Alzheimer’s Disease and Type 2 Diabetes
There is already a well-established link between AD and type 2 diabetes.
Diabetes-induced metabolic changes lead to oxidative damage and inflammation, resulting in protein damage and neuronal cell death in the CNS — ultimately contributing to AD. Additionally, there may be a common genetic link that predisposes some patients to develop both type 2 diabetes and AD.
According to a 2024 paper in Aging Research Reviews, “the brain was thought to be a tissue that was not sensitive to insulin,” and it was believed that the link between type 2 diabetes and AD is through vascular, inflammatory, or metabolic damage in the brain that occur as a result of altered systemic glucose metabolism.
However, as the paper notes, the contemporary thinking is that the brain is indeed an insulin-sensitive organ, a concept supported by the presence of receptors on neurons and glial cells such as GLUT-4 and IGF-1 that are involved in the uptake and metabolism of glucose in the brain. The authors also note insulin’s importance for “significant functions in neuronal circuitry formation, synaptic plasticity, dendritic arborization, neurotransmitter expression, neuronal survival, signal transduction and memory function.”
Proponents of the type 3 diabetes theory claim that the different effects of insulin in the brain, combined with alterations in glucose metabolism in the CNS likely trigger the other changes that we see in AD: accumulation of tau and amyloid beta proteins, hippocampal atrophy, and disordered neuronal communication.
• Glycolysis Genes and Diabetes Meds
There is evidence of a relationship between genes that control glycolysis in the brain itself and AD. In a 2025 study in Diabetes, Obesity and Metabolism, researchers found that several of the genes known to regulate glycolysis were downregulated in correlation with cognitive decline and severity of tau accumulation. Additionally, OVO-like zinc finger 2, which represses transcription of glycolysis-related genes, was up regulated in AD and also correlated with increased tau accumulation and low activity of glycolysis genes in the brain.
There are also data showing lower levels of AD in people taking diabetes medications.
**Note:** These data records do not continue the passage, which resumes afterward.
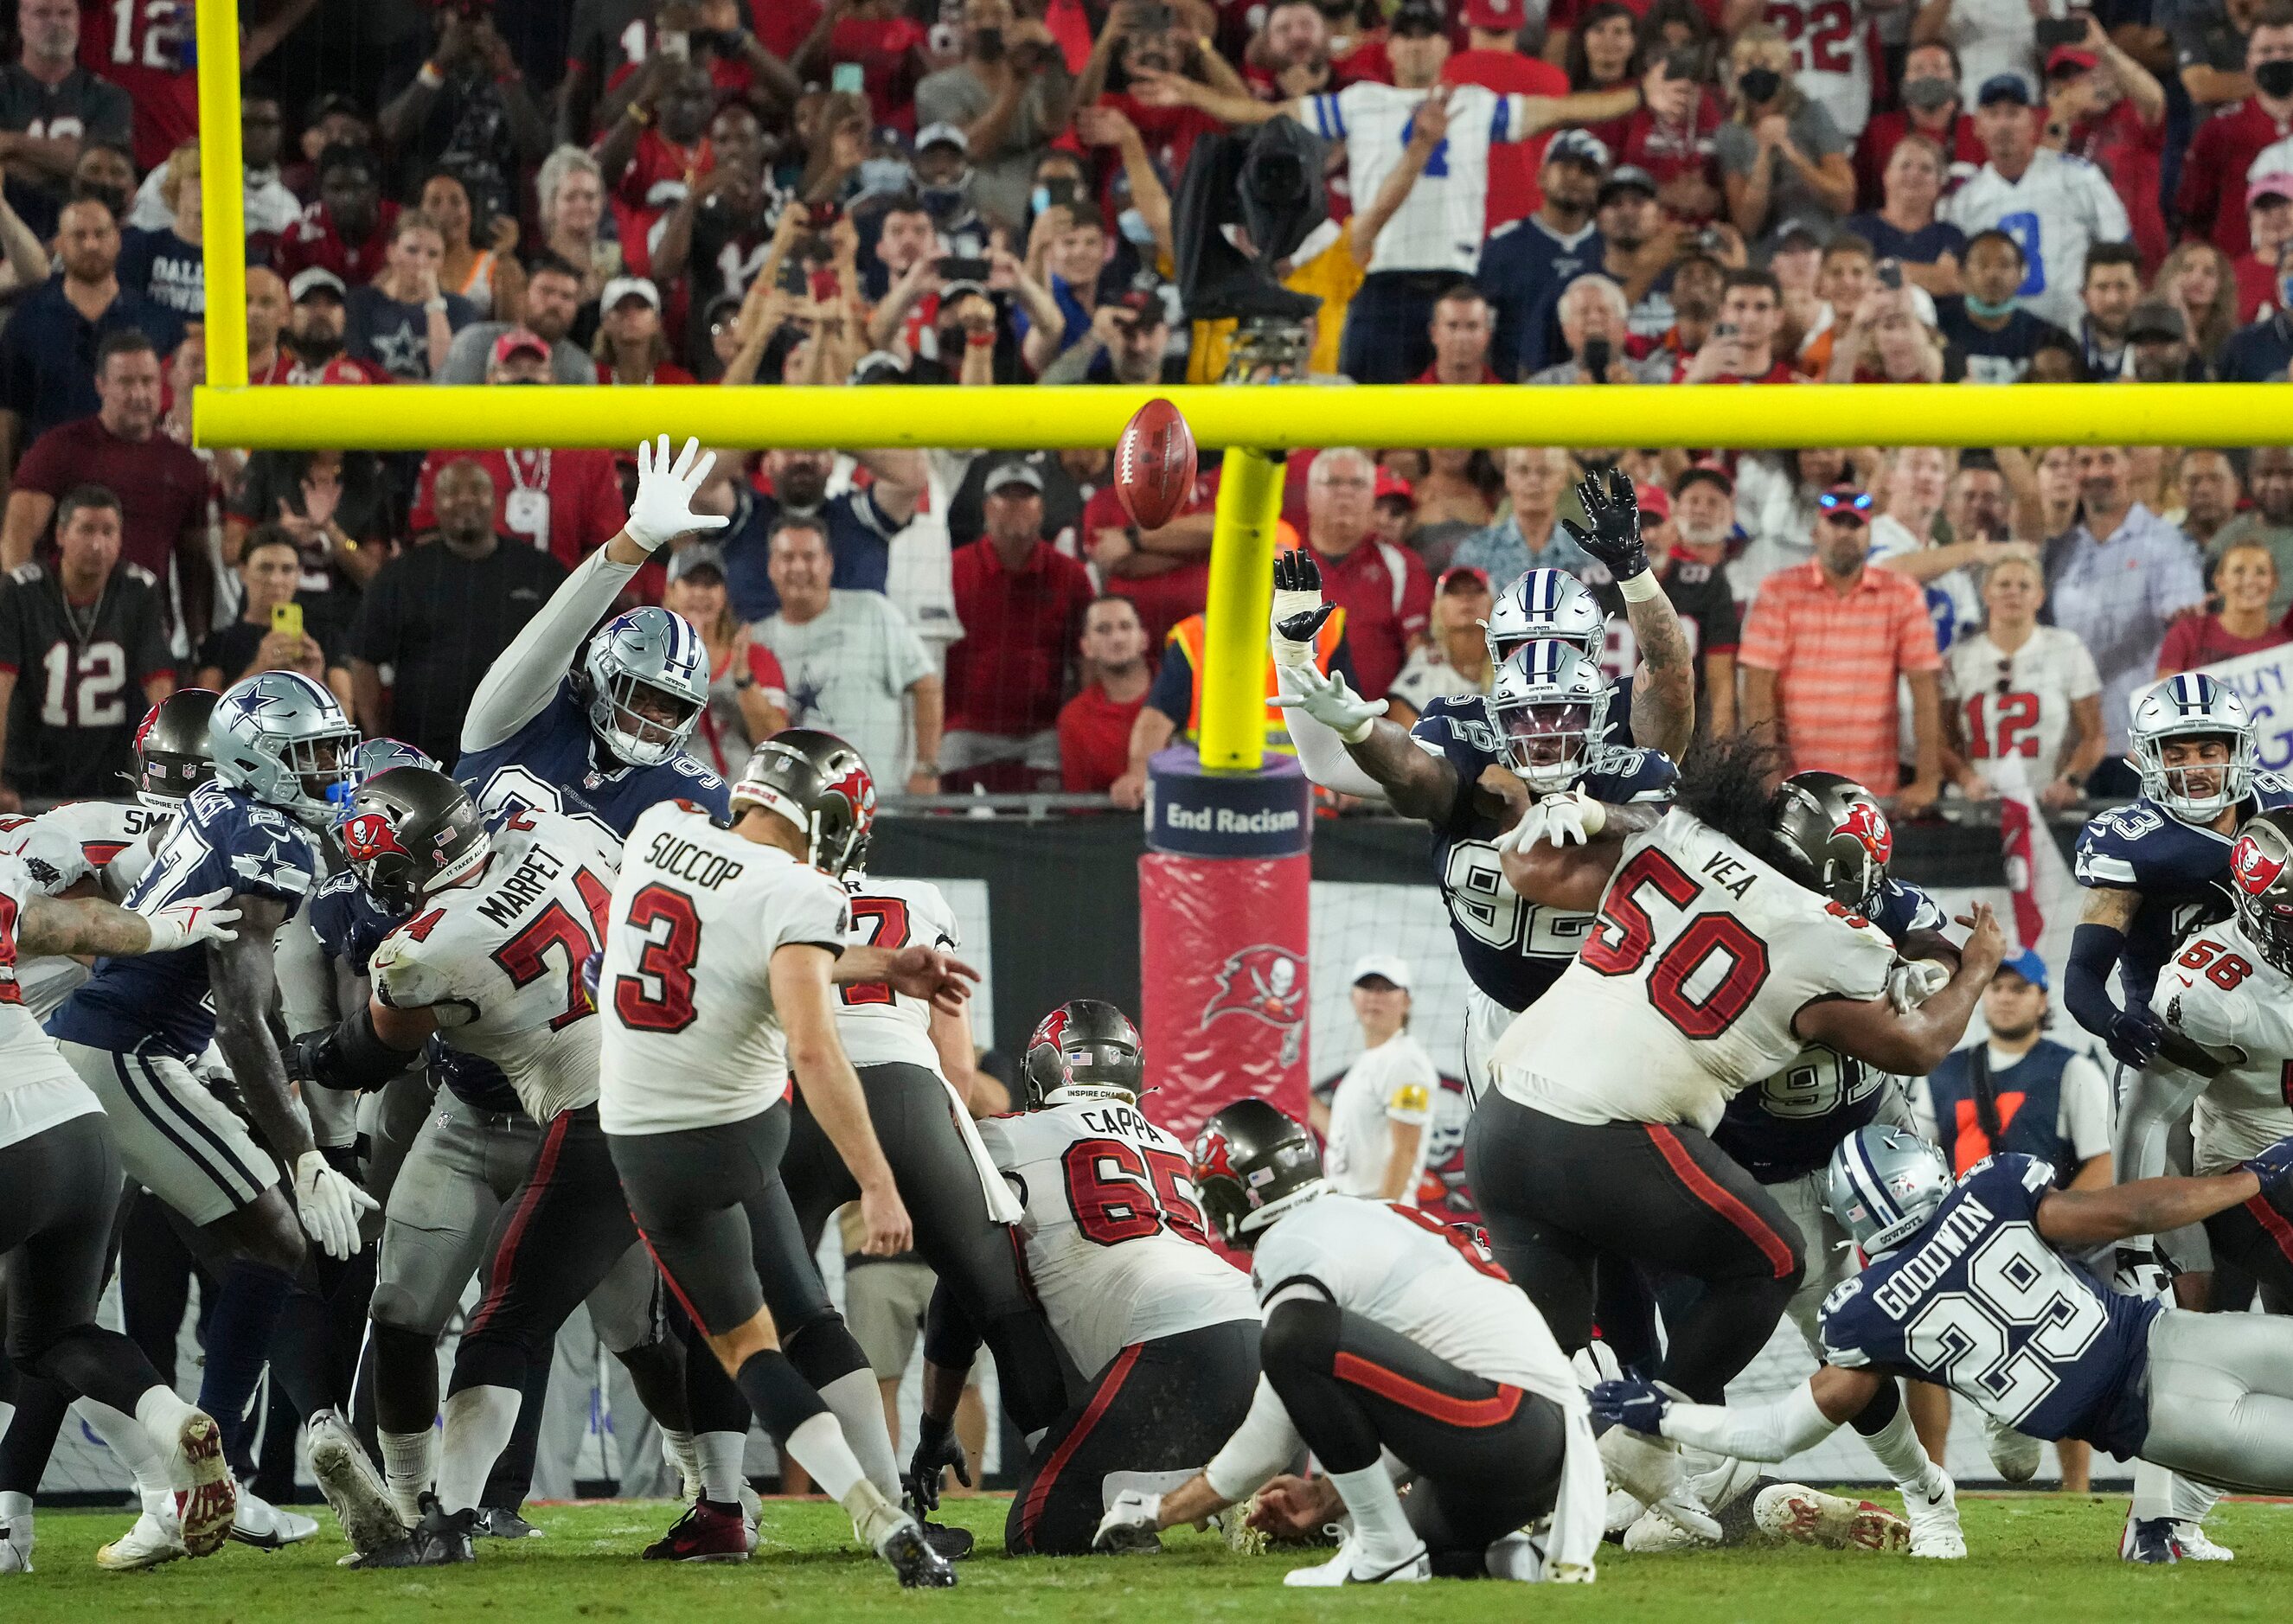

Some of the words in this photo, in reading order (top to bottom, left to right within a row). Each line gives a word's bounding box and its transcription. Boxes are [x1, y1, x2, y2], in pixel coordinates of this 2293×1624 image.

[42, 641, 126, 727] 12
[1966, 692, 2039, 758] 12
[144, 796, 172, 809] INSPIRE
[1168, 802, 1212, 832] End
[1217, 807, 1299, 834] Racism
[454, 856, 474, 872] TAKES
[474, 848, 483, 858] ALL
[477, 842, 565, 930] MARPET
[644, 832, 744, 892] SUCCOP
[1701, 851, 1758, 902] VEA
[613, 880, 702, 1035] 3
[1579, 844, 1771, 1041] 50
[2178, 939, 2253, 992] 56
[1080, 1107, 1164, 1144] CAPPA
[1060, 1137, 1212, 1248] 65
[1872, 1191, 1995, 1321] GOODWIN
[1880, 1215, 1923, 1244] COWBOYS
[1904, 1220, 2110, 1428] 29
A recent review published in Cells outlined how metformin may protect against neurodegenerative diseases, including AD. The authors suggest that the drug provides neuroprotection by “mechanisms beyond glucose control, including reduction of neuroinflammation, inhibiting microglial activation, combating oxidative stress, and strengthening the blood brain barrier.”
According to a population-based study published in the Journal of Alzheimer’s Disease this year, patients diagnosed with diabetes who took semaglutide — a GLP-1 receptor agonist — had a significantly lower risk of AD compared with patients who took other diabetes medications, including metformin and insulin
However, these studies did not examine whether AD was associated with altered glucose metabolism in the brain or whether this neurodegenerative disease is a comorbidity or a consequence of type 2 diabetes. We also don’t know if it would be safe to use diabetes medications in people at risk of AD who do not have diabetes.
• Are We There Yet?
Based on the existing evidence, we are not quite ready to switch from AD to type 3 diabetes.
Many patients with AD have never been diagnosed with diabetes, even at late stages of the neurodegenerative disease.
The value of the type 3 diabetes concept is that it opens up new avenues of research and treatment. To date, treatment strategies for AD have focused on neuroprotection and reducing the accumulation of tau protein, amyloid beta. They have not yet been successful.
A key question is whether AD, a common condition that is diagnosed in patients based on clinical symptoms, has only one etiology that could explain the changes in the brain. Some theories have embraced a multifactorial etiology, which may include emotional stress, nutritional factors, poor overall health, or genetics as the ‘trigger.’ If glucose dysregulation is a trigger, that may allow us to diagnose earlier and ultimately stave off or delay neurodegeneration.
While much of the treatment to date has focused on removing proteins in the brain that are associated with AD, the ultimate goal would be to figure out how to prevent these proteins from accumulating in the first place.
Heidi Moawad, MD, is a neurologist and medical editor. She is on the teaching faculty at Case Western Reserve University.
Could Alzheimer’s disease (AD) be more accurately defined as diabetes type 3?
The idea that altered glucose metabolism in the central nervous system (CNS) could be at the core of AD has taken hold within the past decade.
Labeling AD as type 3 diabetes would not only reflect a new insight into pathophysiology
but it would also open up potential new treatment strategies.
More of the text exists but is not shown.